Lilliana Mason plantea como factor de unión la experiencia de afrontar una crisis de manera conjunta, y pone como ejemplo la reacción de la población tras los atentados del 11-S. Su libro fue publicado antes de la pandemia, que tuvo un efecto de solidaridad y disciplina en algunas comunidades, si bien poco duradero. También pueden tener un efecto positivo líderes políticos que se comprometan a humanizar a sus rivales, incluso haciendo una lista de adjetivos deseables e indeseables en el debate público.

Y, después de todo, aunque ahora nos parezca estar en un callejón sin salida, como dice Mason, “nada en política es para siempre y las alineaciones partidistas cambian a lo largo del tiempo”.

El otro experimento

El impulso a competir y deshumanizar al otro tiene solución, como mostraba Mazafer Sherif en su experimento cuando ponía retos conjuntos que animaban a la cooperación, y sugería que la violencia era sólo una reacción a las circunstancias. Es decir, creía que “la gente era inherentemente buena, y era el ambiente -económico, político o social- lo que animaba a la desigualdad entre grupos sociales y creaba las condiciones para que surgiera la discriminación y el maltrato”, según Gina Perry, la autora de The Lost Boys.

“La principal lección de su experimento fue la fase final: se pueden unir grupos y se pueden romper los prejuicios. Puedes hacer que las personas trabajen para lograr un objetivo más amplio de una manera que elimine la hostilidad y el odio mutuos. Eso fue muy idealista y no recibe ni de lejos la atención que a Sherif le hubiera gustado, porque la gente tiende a centrarse en la primera parte del experimento, que es la creación de la hostilidad”, explica Perry a elDiario.es.

Además, lo que sugieren sus experimentos menos conocidos es que el conflicto tampoco es inevitable incluso cuando el contexto y las fuerzas externas animan a él. 

El experimento de Robbers Cave de 1954 es el que se hizo famoso porque probaba la teoría de cómo brota el odio personal entre grupos sociales casi idénticos con sólo darles una bandera y algo por lo que competir. Sherif tenía especial presión entonces para probar su teoría y que su investigación justificara la beca de miles de dólares que había recibido. Estaba nervioso porque otro experimento no había salido como esperaba. Perry lo investigó en el archivo de Sherif y su esposa, Carolyn Wood, también psicóloga social, en la Universidad de Akron, en Ohio.

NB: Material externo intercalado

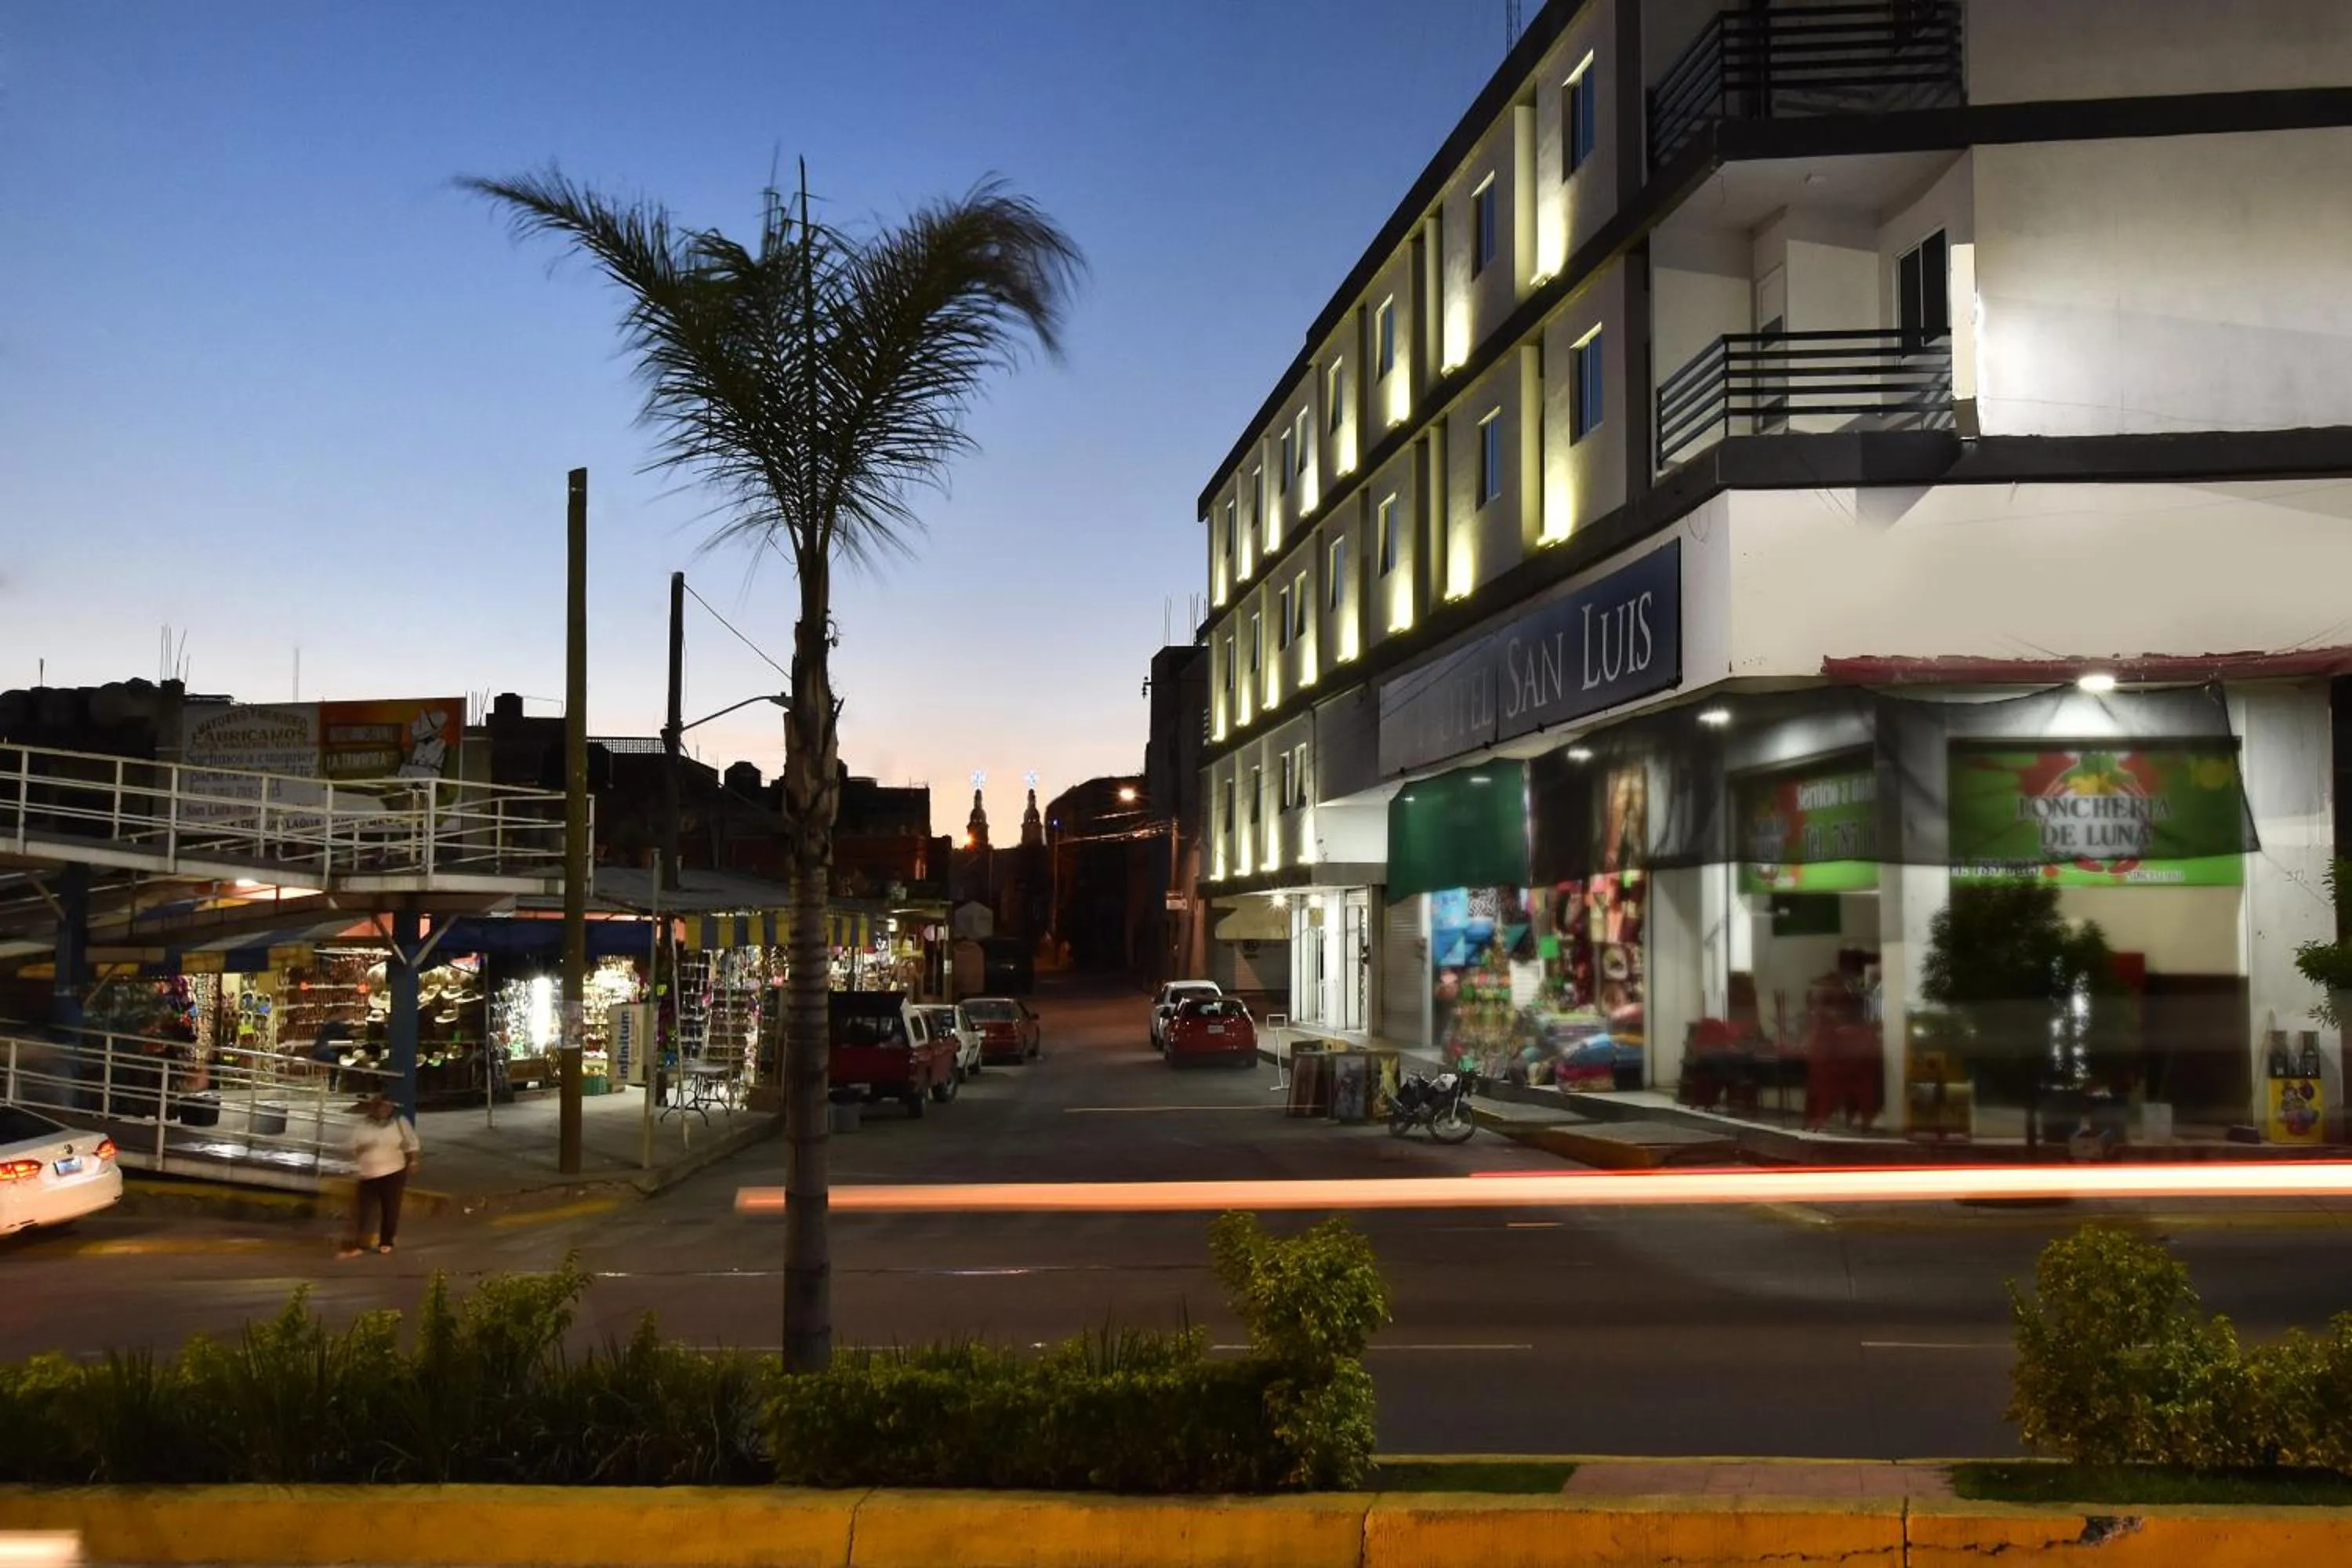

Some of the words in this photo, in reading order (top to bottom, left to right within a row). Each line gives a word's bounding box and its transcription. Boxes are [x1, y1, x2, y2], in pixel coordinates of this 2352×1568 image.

[1506, 633, 1564, 719] SAN
[1581, 590, 1653, 691] LUIS
[2041, 826, 2077, 846] DE
[2086, 824, 2151, 847] LUNA
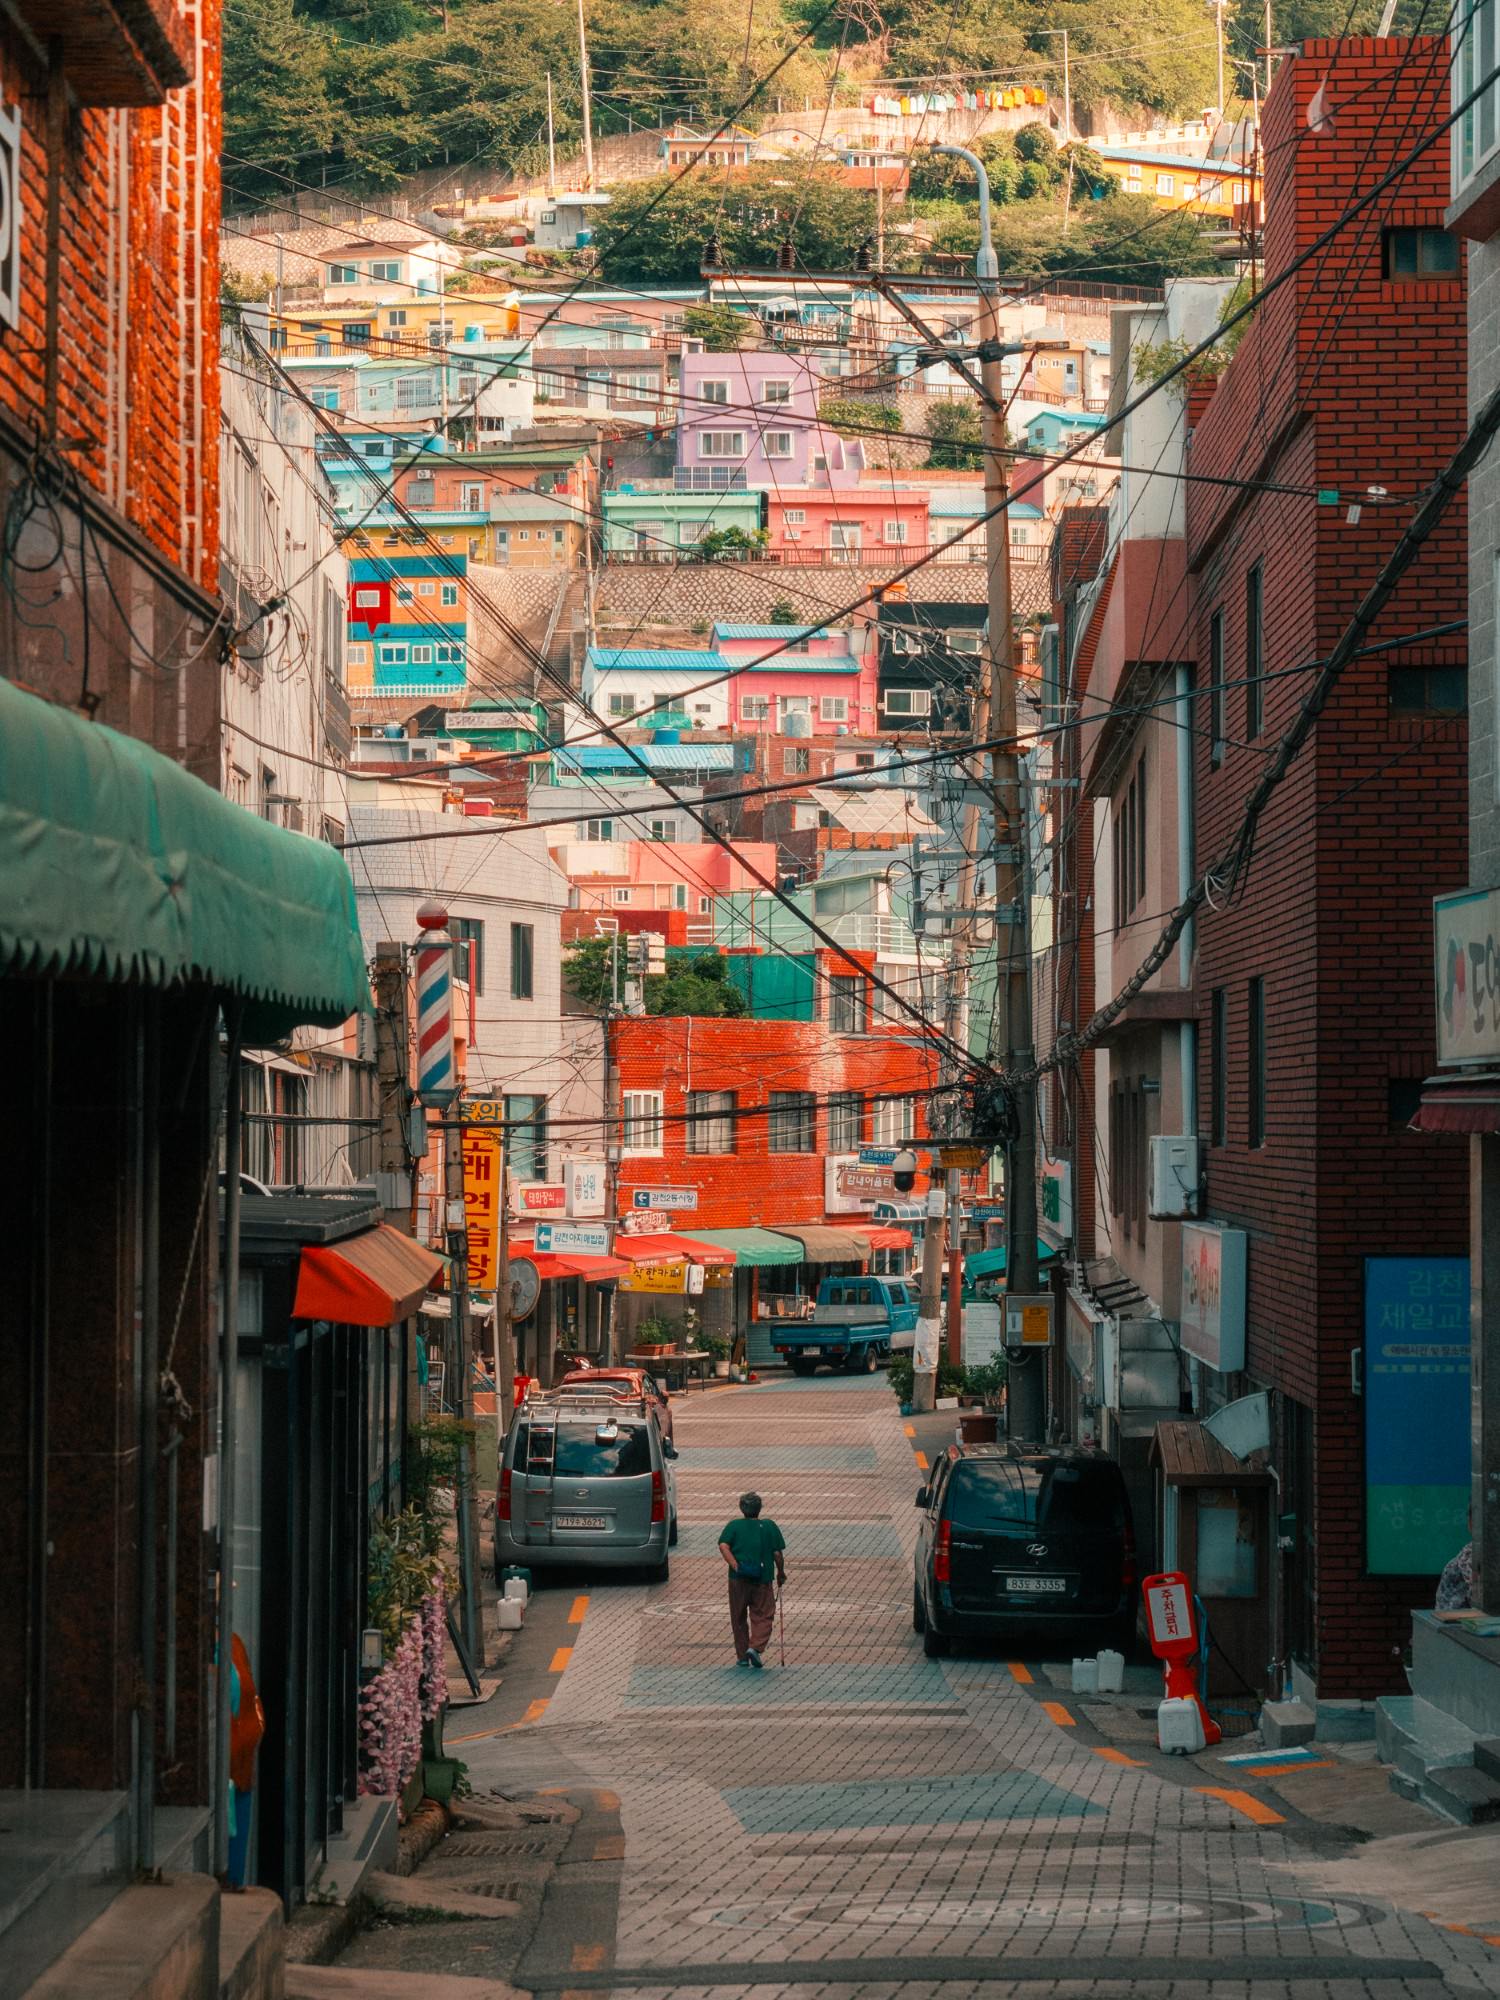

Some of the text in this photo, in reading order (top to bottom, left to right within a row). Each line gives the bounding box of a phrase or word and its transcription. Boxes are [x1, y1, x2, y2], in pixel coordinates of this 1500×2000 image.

[652, 1193, 694, 1204] 감천2동시장
[555, 1232, 605, 1245] 감천아지매밥집
[634, 1267, 682, 1281] 착한카페
[1407, 1269, 1462, 1297] 감천
[1379, 1303, 1471, 1330] 제일교
[1161, 1588, 1178, 1635] 주차금지

El experimento menos conocido se hizo en otra acampada de los Boy Scouts, esta vez en Middle Grove, en el norte de Nueva York, en el verano de 1953. También se trataba de dos grupos de niños muy parecidos, que competían en algunos juegos y tenían nombres para su equipo, Pitones y Panteras. Había unas pocas variaciones respecto al experimento de 1954, como que los niños se habían conocido antes de ser divididos en los dos grupos y que los monitores/investigadores habían sido menos sutiles a la hora de propiciar el conflicto. 

Cuando los Panteras ganaron al juego de la soga, los Pitones reconocieron que el otro equipo se merecía la victoria porque era mejor. Y cuando la bandera de los Panteras apareció destrozada, los Pitones juraron que no habían sido ellos y los Panteras les creyeron. Los niños incluso empezaron a sospechar que estaban siendo manipulados y comentaron a los monitores que tal vez los adultos estaban poniéndolos a prueba para observar sus reacciones. Aquel verano de 1953, el campamento terminó y los niños se volvieron a casa tan amigos.